Owing to the pressure compensation provided by the pressure compensating valves 32, 33, as long as the pump capacity is adequate, the control of the load represented by the actuator C is not affected if the other directional control valve 10, or any additional similar directional control valve 10, is operated simultaneously with the operation of the first directional control valve 10. Moreover, a change of the valve spool position of one of the directional control valves 10 being operated does not affect the function of any simultaneously operated directional control valve 10.
If the pump capacity should become inadequate when several directional control valves 10 are operated simultaneously, none of the functions will be disabled completely. Instead, the available pump capacity will be allocated with equal percentages to all simultaneously activated functions.

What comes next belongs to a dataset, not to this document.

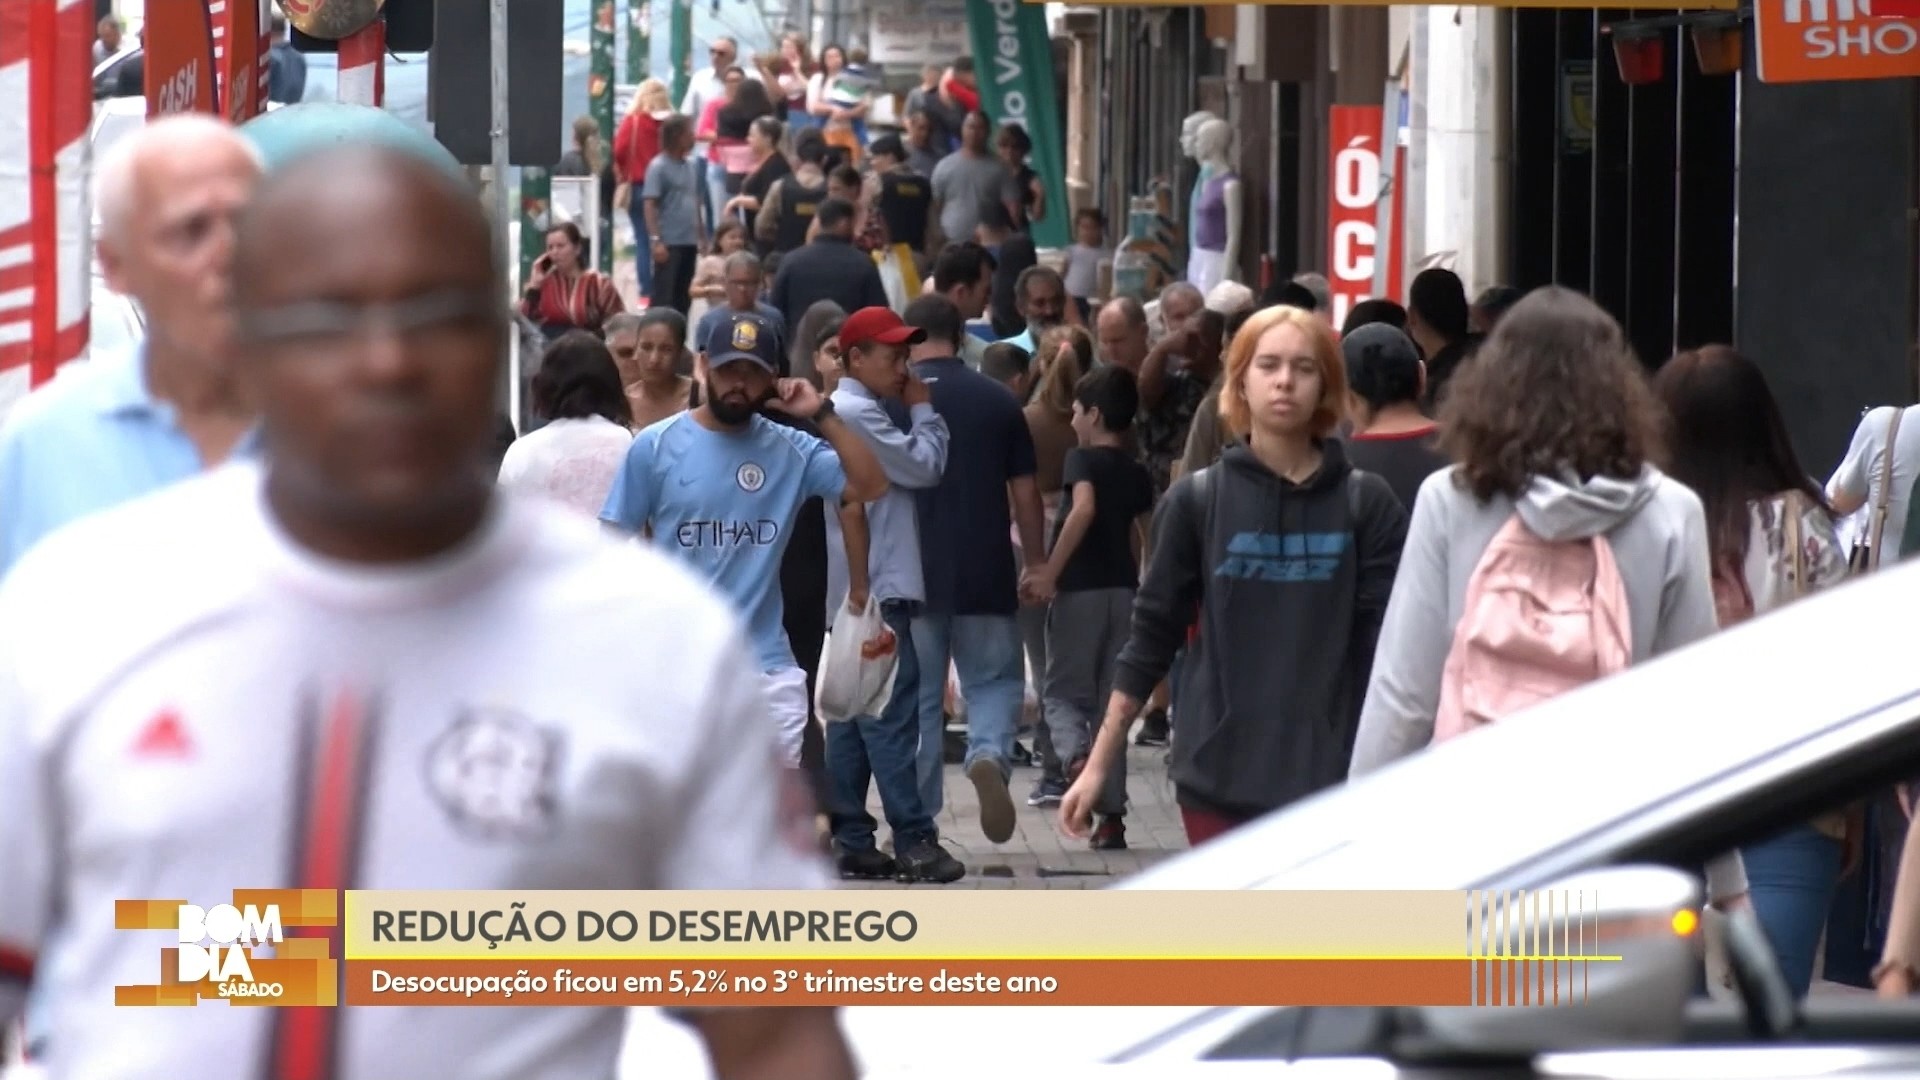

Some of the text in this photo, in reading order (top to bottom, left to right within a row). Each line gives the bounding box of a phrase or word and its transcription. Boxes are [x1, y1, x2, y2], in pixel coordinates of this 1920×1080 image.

The illustrated and described location of the pressure compensating valves 30 and 31 in a separate housing part 13 joined with another housing part 12 is beneficial, but of course is not essential to the operability of the directional control valve according to the invention. Moreover, it is not necessary to provide pressure compensating valves in accordance with the invention for both or all work ports.
Moreover, while the disposition of the pressure compensating valves shown in the drawings and described above is beneficial, other locations along the flow path from the upstream or inner end of the work passageways to the work port or ports may be contemplated and suitable, depending on the size or design of the pressure compensating valves, for example.